Talvez você já tenha ouvido falar na "teoria do bom selvagem": o homem nasce bom, mas a sociedade o perverte. Você concorda ou discorda dessa teoria? Rousseau, filósofo genebrino, foi o defensor dessa ideia de que era a sociedade a causadora do mal na personalidade do indivíduo. "Tout est bien sortant des mains de l´Auter des choses, tout dégénère entre les mains de l`homme". (ÉMILE ou De L´éducation, l. premier) Tudo é bom ao sair das mãos do Autor das coisas, tudo degenera nas mãos do homem, numa tradução livre. Verdade ou mentira? Vejamos.

É claro que a genética e a evolução biológica influem na nossa capacidade de bondade, de solidariedade, de compaixão. Por outro lado, a cultura à qual estamos expostos também influencia na nossa capacidade de diferir o certo do errado. Mas, veja bem, essa capacidade não se confunde com a capacidade de tomarmos as atitudes corretas ao invés das erradas. Uma coisa é saber o que deve ser feito, outra é agir de acordo com esse preceito. Para a dra. Ana Beatriz Silva, muitos "nascem com uma bagagem genética muito marcada". Para usar a expressão da cientista, alguns nascem com essa "desumanidade de fábrica". Felizmente, não são a maioria. Trata-se de uma verdade científica que muitos obtusamente se recusam a aceitar. Então, como explicar por que certos homens são invariavelmente transgressores? Se esse comportamento não pode ser atribuído simplesmente à má-criação, à educação ou à cultura de modo geral, qual sua origem? Parece que isso vem contrariar a teoria do "bom selvagem", concordando que não só a cultura como a genética podem propiciar ações boas e más.
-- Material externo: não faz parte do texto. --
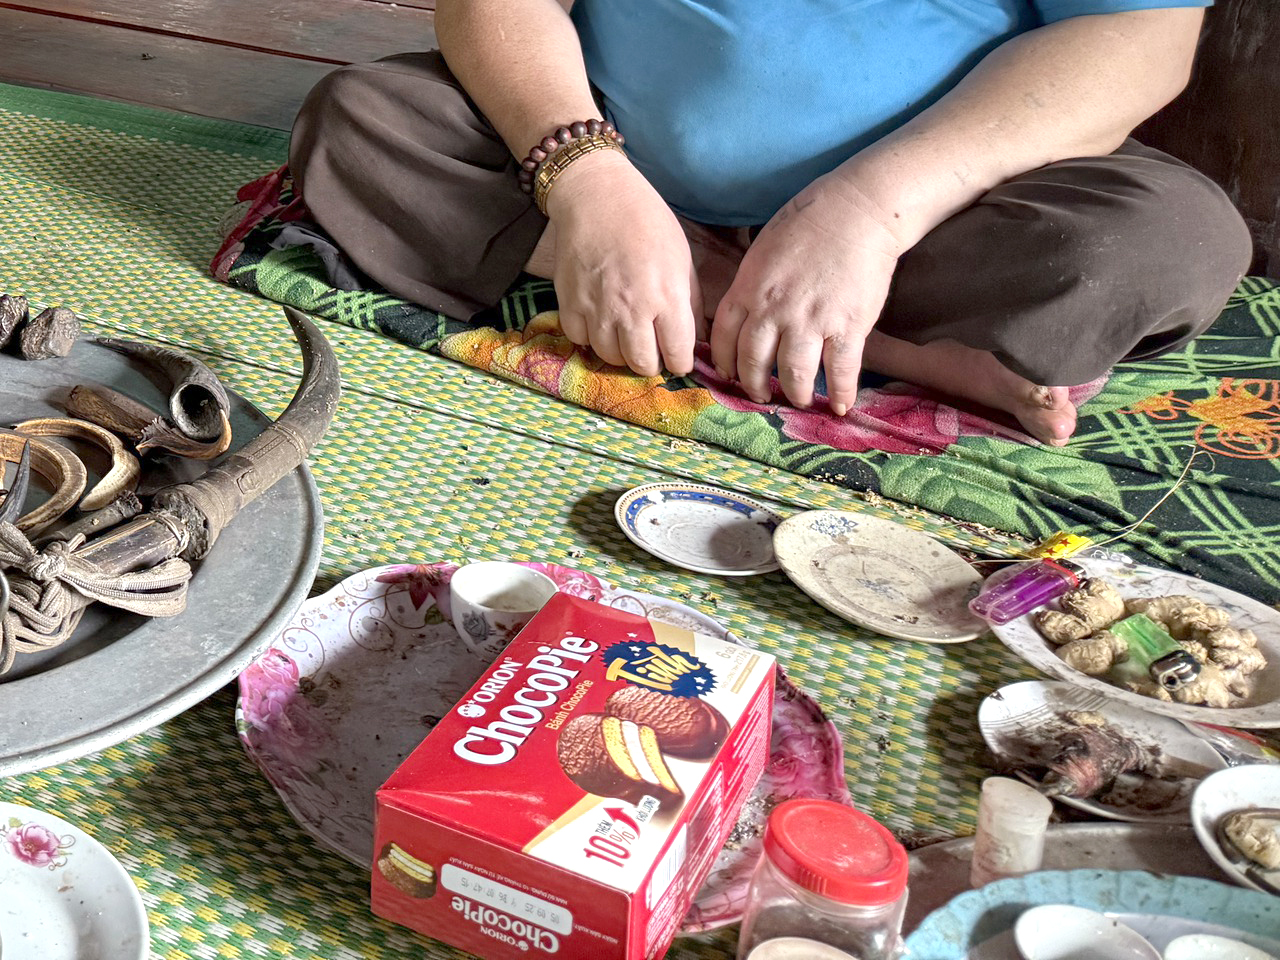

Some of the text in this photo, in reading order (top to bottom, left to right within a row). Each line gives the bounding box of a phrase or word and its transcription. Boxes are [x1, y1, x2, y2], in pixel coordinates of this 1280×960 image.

[715, 651, 731, 659] 6
[453, 637, 599, 765] ChocoPie
[473, 660, 523, 702] ORION
[545, 679, 594, 730] Bánh ChocoPie
[583, 829, 636, 868] 10%
[451, 896, 559, 953] ChocoPie
[480, 925, 516, 946] ORION
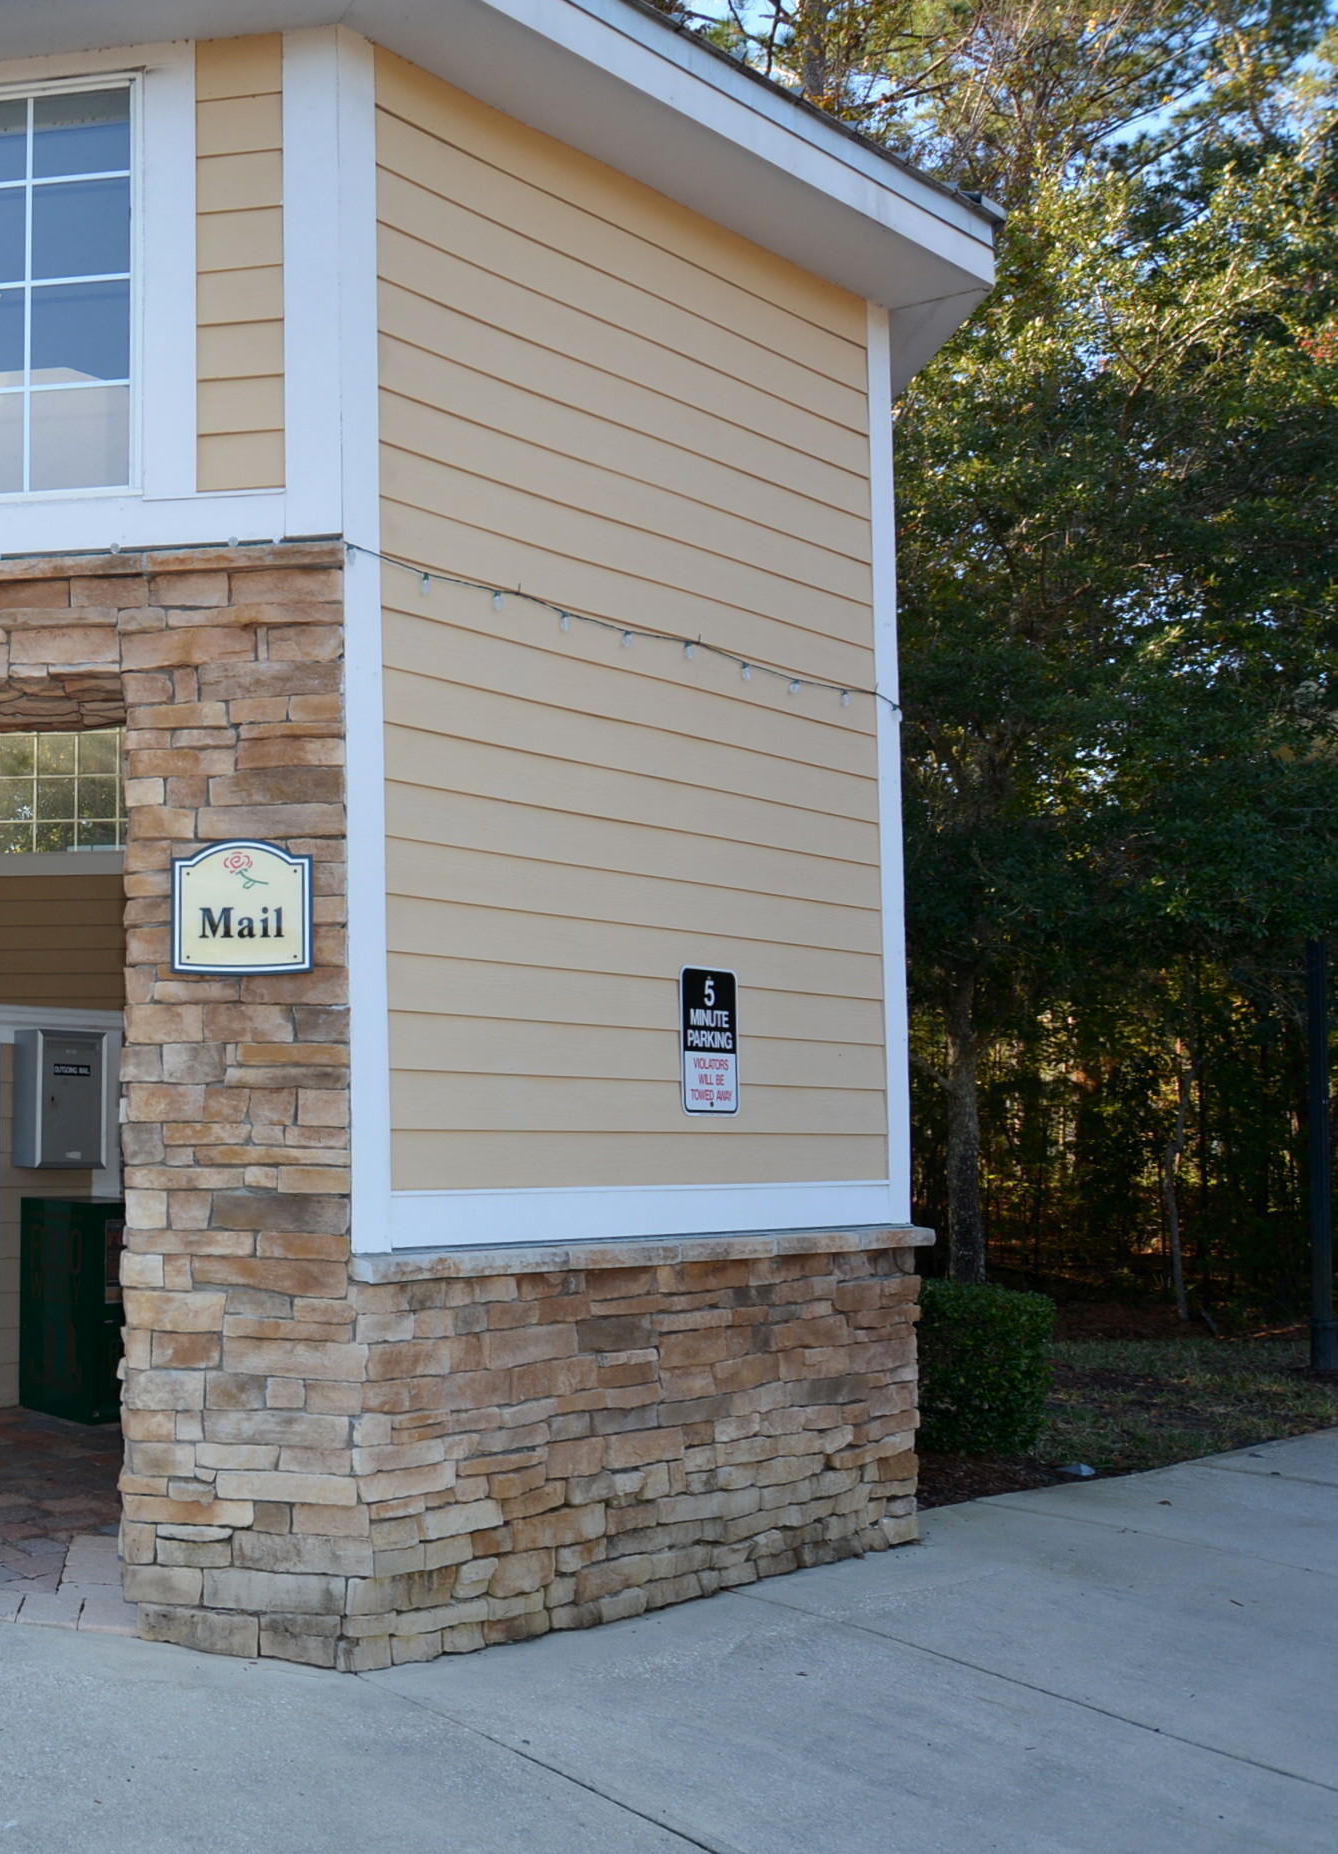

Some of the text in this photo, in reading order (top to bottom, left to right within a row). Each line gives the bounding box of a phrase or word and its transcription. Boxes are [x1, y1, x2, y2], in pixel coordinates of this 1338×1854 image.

[198, 906, 285, 939] Mail
[703, 980, 715, 1007] 5
[689, 1008, 729, 1028] MINUTE
[687, 1029, 733, 1049] PARKING
[54, 1065, 89, 1074] OUTGOING MAIL
[693, 1057, 729, 1071] VIOLATORS
[698, 1073, 725, 1086] WILL BE
[690, 1088, 733, 1102] TOWED AWAY
Somos dotados não só do senso inato de moralidade, mas também de inteligência para análise estratégica. Podemos usar a razão para "tapear" a moral inata e tirar proveito de algumas situações. Os governos talvez sejam o exemplo mais cruel dessas habilidades. Para que o governante enfrente a opinião pública é preciso uma causa que seja aparentemente justa ou moral. Vejamos, por exemplo, pequeno caso da política brasileira atual. Ao realizar recentemente um périplo pela região asiática, o presidente, nessa crise que o país atravessa, levou uma comitiva de mais de cem pessoas, talvez para dar impressão de opulência aos países visitados, quando, na verdade, só queria distribuir benesses aos apaniguados. Despesas exageradas, gastos desmedidos poderiam ter sido evitados, mas, monta-se assim o cenário perfeito e moralmente maquiado. O que ocorre de fato, através desse e de outros atos sim ilares, é a execrável manipulação moral por parte de centenas de governantes, que através de ardis "driblam" o povo.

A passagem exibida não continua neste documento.